How to Use Full Table Group Query in TiDB Partitioned Tables

Note:
This topic has been translated from a Chinese forum by GPT and might contain errors.

Original topic: tidb分区表如何使用全表分组查询

| username: TiDB小萌新

[TiDB Usage Environment] Production Environment
[TiDB Version] 5.4

Two tables have the same data, each with around 90 million records. One is a partitioned table, and the other is a regular table. When using the partitioned table to perform a group by, the count cannot be obtained, but it works with the regular table. How can I specify that the partitioned table does not use partition union all and instead performs a full table query?

| username: Billmay表妹 | Original post link

There are some differences between partitioned tables and non-partitioned tables when using GROUP BY in TiDB. When using GROUP BY on a partitioned table, you need to specify the partition column; otherwise, you will encounter issues similar to what you described, where the data in the partitioned table cannot be correctly aggregated.

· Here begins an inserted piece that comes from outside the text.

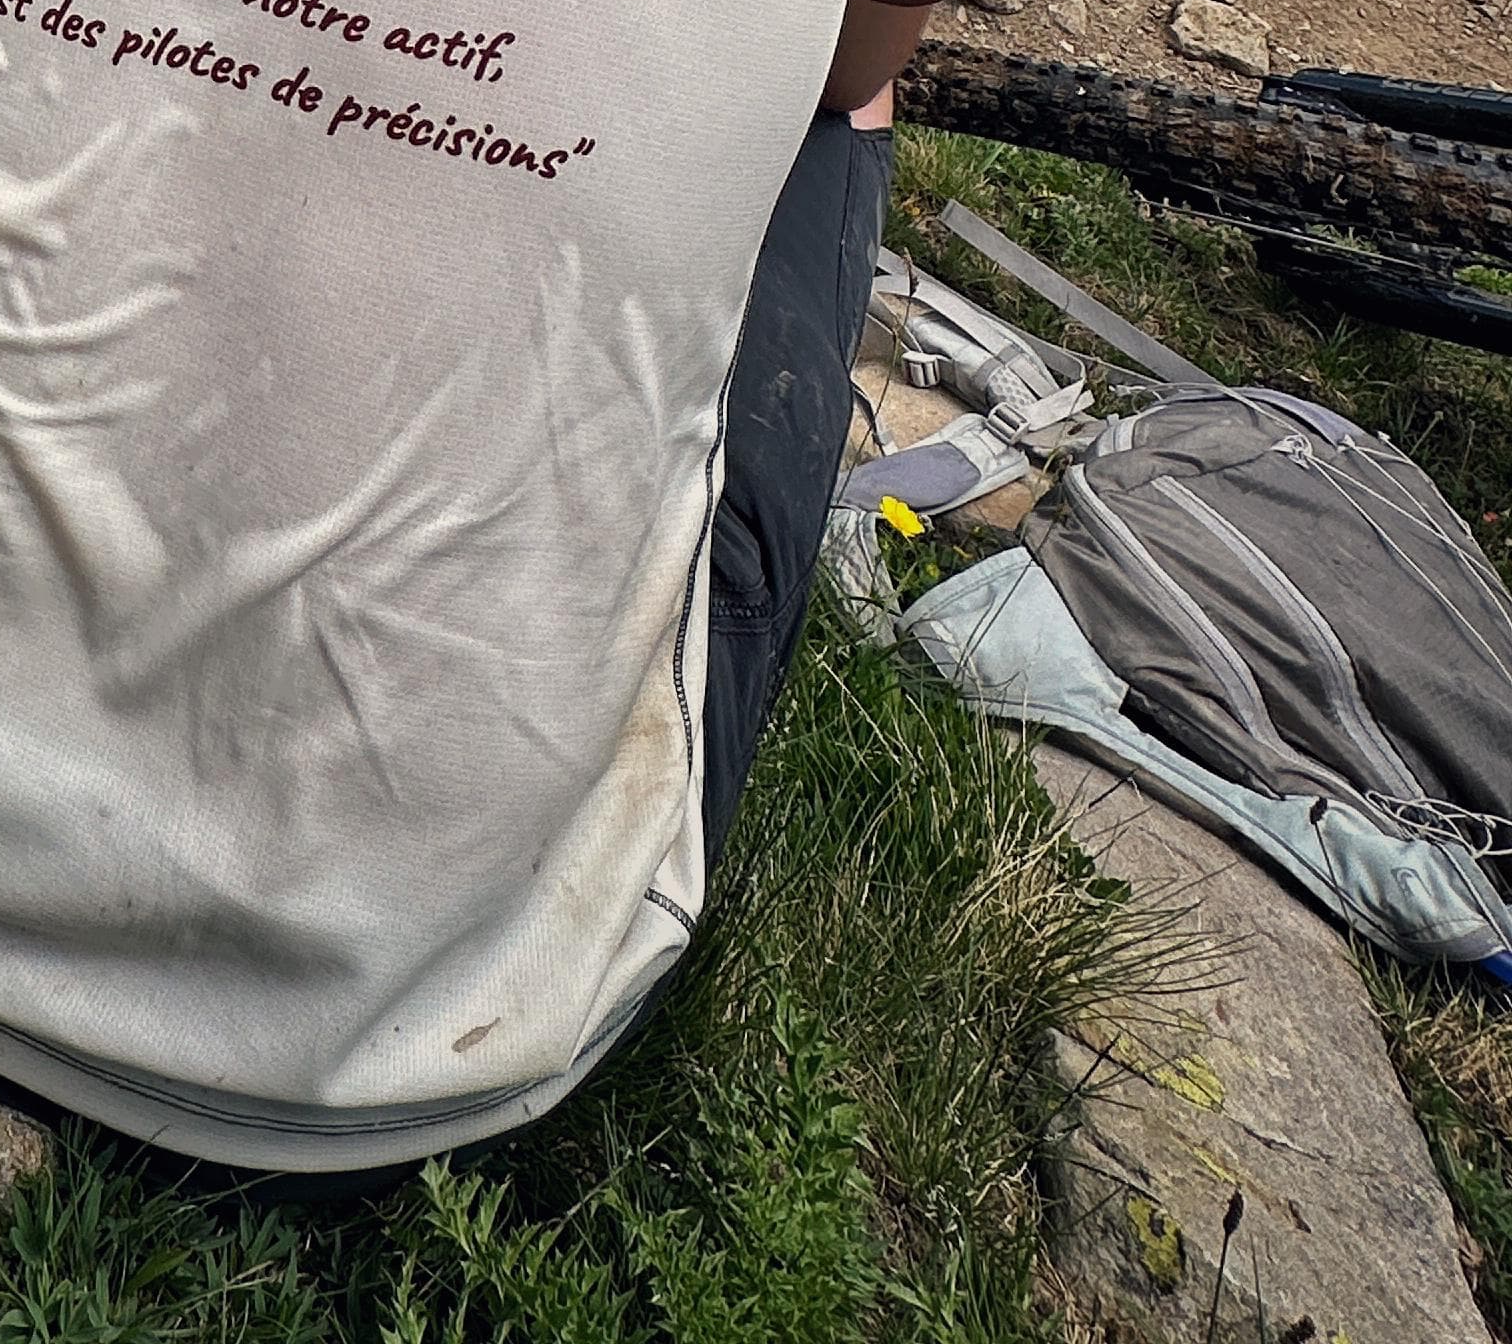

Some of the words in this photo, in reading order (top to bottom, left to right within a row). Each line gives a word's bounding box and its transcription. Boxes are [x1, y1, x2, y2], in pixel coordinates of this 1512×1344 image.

Here is an example SQL statement that can correctly aggregate data on a partitioned table:

SELECT partition_column, COUNT(*) FROM partitioned_table GROUP BY partition_column;

Here, partition_column is the name of the partition column, and partitioned_table is the name of the partitioned table. This statement will perform a full table scan on the partitioned table but will only aggregate data for each partition, not the entire table. If you want to use GROUP BY on a non-partitioned table, you can directly use a SQL statement like the following:

SELECT column, COUNT(*) FROM table GROUP BY column;

Here, column is the column name in the non-partitioned table, and table is the name of the non-partitioned table. This statement will perform a full table scan on the entire table and aggregate data for each group. If you want to perform a full table group query on a partitioned table, you can use UNION ALL to combine the results of each partition, for example:

SELECT partition_column, COUNT(*) FROM partitioned_table WHERE partition_column = 'partition1' GROUP BY partition_column
UNION ALL
SELECT partition_column, COUNT(*) FROM partitioned_table WHERE partition_column = 'partition2' GROUP BY partition_column
UNION ALL
...

This statement will perform a separate GROUP BY for each partition and then combine the results. However, this method requires manually specifying the name of each partition, which is cumbersome. Therefore, it is recommended to use the first method on a partitioned table, i.e., specifying the partition column for GROUP BY.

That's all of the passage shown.